Authors: Drew Day [aut, cre], James Peng [aut], Adam Szpiro [aut]
Maintainer: Drew Day <[email protected]>
License: GPL-3
Version: 1.0.2
Built: 2025-01-26 05:22:43 UTC
Source: https://github.com/drewdstat/wqspt

Help Index


Full wrapper WQS permutation test

Description

wqs_full_perm is a full wrapper function that is a full implementation of the Weighted Quantile Sum (WQS) regression method followed by the permutation test to determine the significance of the WQS coefficient.

Usage

wqs_full_perm(
  formula,
  data,
  mix_name,
  q = 10,
  b_main = 1000,
  b_perm = 200,
  b1_pos = TRUE,
  b_constr = FALSE,
  rs = FALSE,
  niter = 200,
  seed = NULL,
  family = "gaussian",
  plan_strategy = "multicore",
  stop_if_nonsig = FALSE,
  stop_thresh = 0.05,
  ...
)

Arguments

formula

An object of class formula. The wqs term must be included in the formula (e.g., y ~ wqs + ...).

data

The data.frame to be used in the WQS regression run.
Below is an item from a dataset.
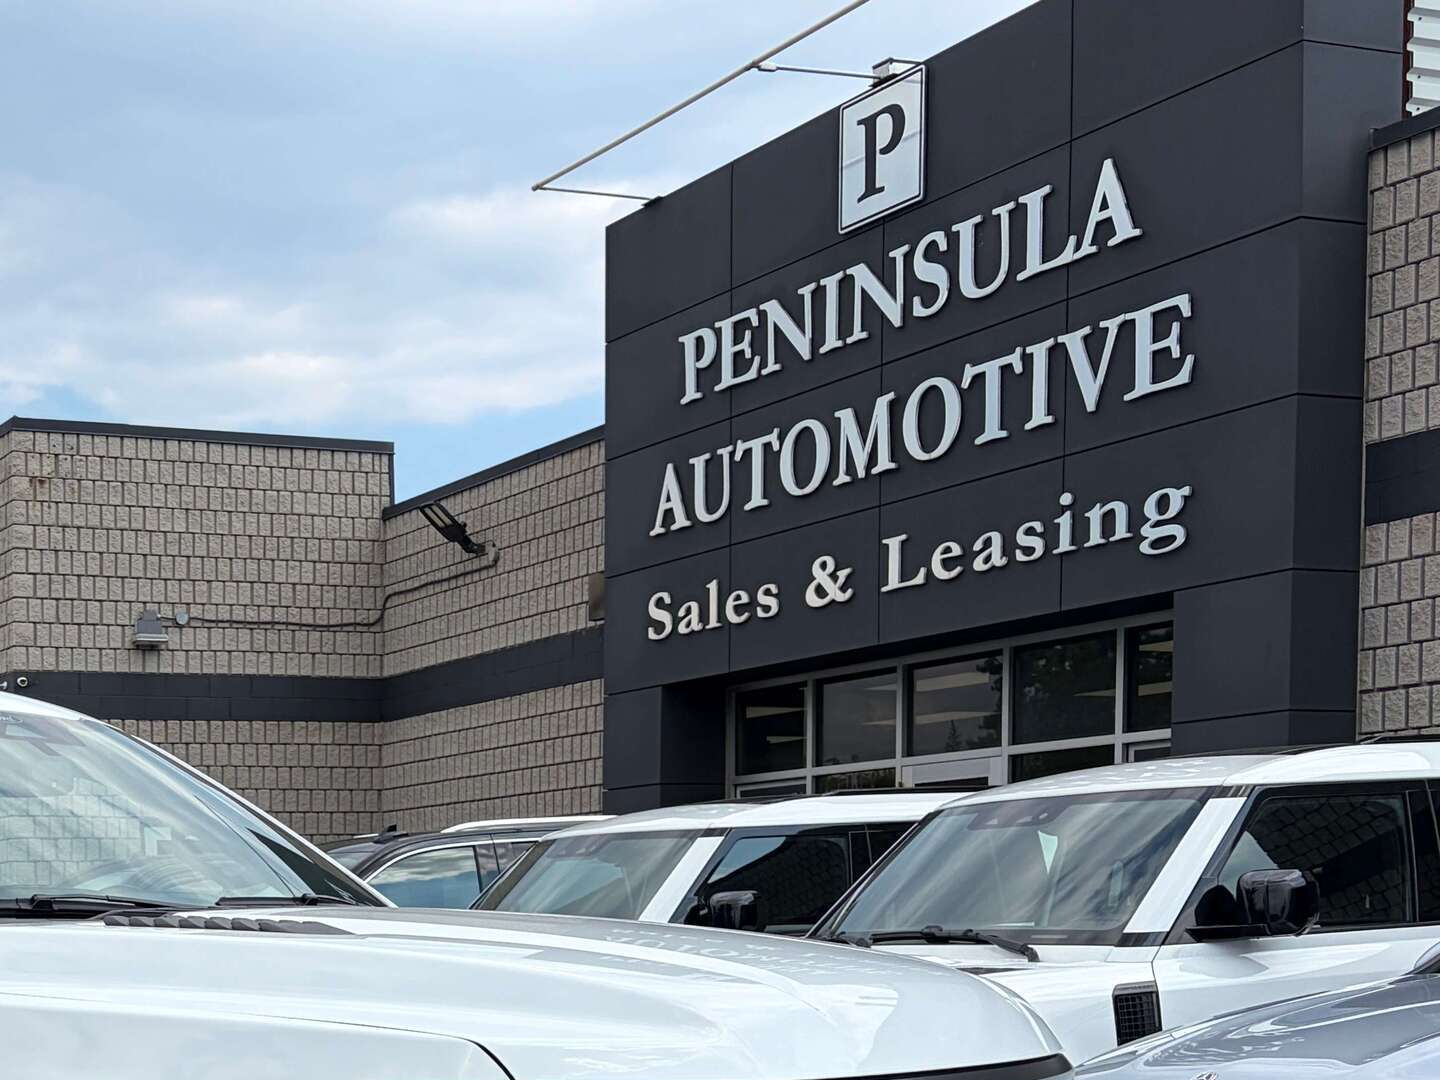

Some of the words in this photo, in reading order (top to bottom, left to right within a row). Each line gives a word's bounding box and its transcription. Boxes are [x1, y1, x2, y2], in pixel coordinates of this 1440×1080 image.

This can be of class data.frame or it can be a tibble from the tidyverse.

mix_name

A vector with the mixture column names.

q

An integer to indicate the number of quantiles to split the mixture variables.

b_main

The number of bootstraps for the main WQS regression run.

b_perm

The number of bootstraps for the iterated permutation test WQS regression runs and the reference WQS regression run (only for linear WQS regression and only when b_mean != b_perm).

b1_pos

A logical value that indicates whether beta values should be positive or negative.

b_constr

Logical value that determines whether to apply positive or negative constraints in the optimization function for the weight optimization. Note that this won't guarantee that the iterated b1 values in the weight optimization are only positive (if b1_pos = TRUE) or only negative (if b1_pos = FALSE) as seen in the bres matrix output by the gwqs models (i.e., column bres$b1), but it does substantially increase the probability that those b1 values will be constrained to be either positive or negative. This defaults to FALSE.

rs

A logical value indicating whether random subset implementation should be performed.

niter

Number of permutation test iterations.

seed

An integer to fix the seed. This will only impact the the initial WQS regression run and not the permutation test iterations. The default setting is NULL, which means no seed is used for the initial WQS regression. The seed will be saved in the "gwqs_main" object as "gwqs_main$seed".

family

A description of the error distribution and link function to be used in the model. This can be a character string naming a family function (e.g., "binomial") or a family object (e.g., binomial(link="logit")). Currently validated families include gaussian(link="identity") for linear regression, binomial() with any accepted link function (e.g., "logit" or "probit"), poisson(link = "log"), quasipoisson(link = "log"), or "negbin" for negative binomial. The "multinomial" family is not yet supported.

plan_strategy

Evaluation strategy for the plan function. You can choose among "sequential", "transparent", "multisession", "multicore", "multiprocess", "cluster" and "remote." See future::plan documentation for full details.

stop_if_nonsig

if TRUE, the function will not proceed with the permutation test if the main WQS regression run produces nonsignificant p-value.

stop_thresh

numeric p-value threshold required in order to proceed with the permutation test, if stop_if_nonsig = TRUE.

...

Other parameters to put into the gwqs function call.

Value

wqs_full_perm returns an object of class wqs_perm, which contains three sublists:

perm_test

List containing:

  • pval: permutation test p-value

  • (linear regression only) testbeta1: reference WQS regression coefficient beta1 value

  • (linear regression only) betas: Vector of beta values from each permutation test run

  • (logistic regression only) testpval: test reference p-value

  • (logistic regression only) permpvals: p-values from the null models

gwqs_main

Main gWQS object (same as model input). This will now include an additional object "seed" that returns the seed used for this main WQS regression.

gwqs_perm

Permutation test reference gWQS object (NULL if model family != "gaussian" or if same number of bootstraps are used in permutation test WQS regression runs as in the main run).

Examples

library(gWQS)

# mixture names
PCBs <- names(wqs_data)[1:10] #10 of the original 34 for a quick example

# quick example with only 4 bootstraps each WQS regression iteration, and 
# only 3 iterations

perm_test_res <- wqs_full_perm(formula = yLBX ~ wqs, data = wqs_data, 
                                mix_name = PCBs, q = 10, b_main = 4, 
                                b_perm = 4, b1_pos = TRUE, b_constr = FALSE, 
                                niter = 3, seed = 16, 
                                plan_strategy = "multicore", 
                                stop_if_nonsig = FALSE)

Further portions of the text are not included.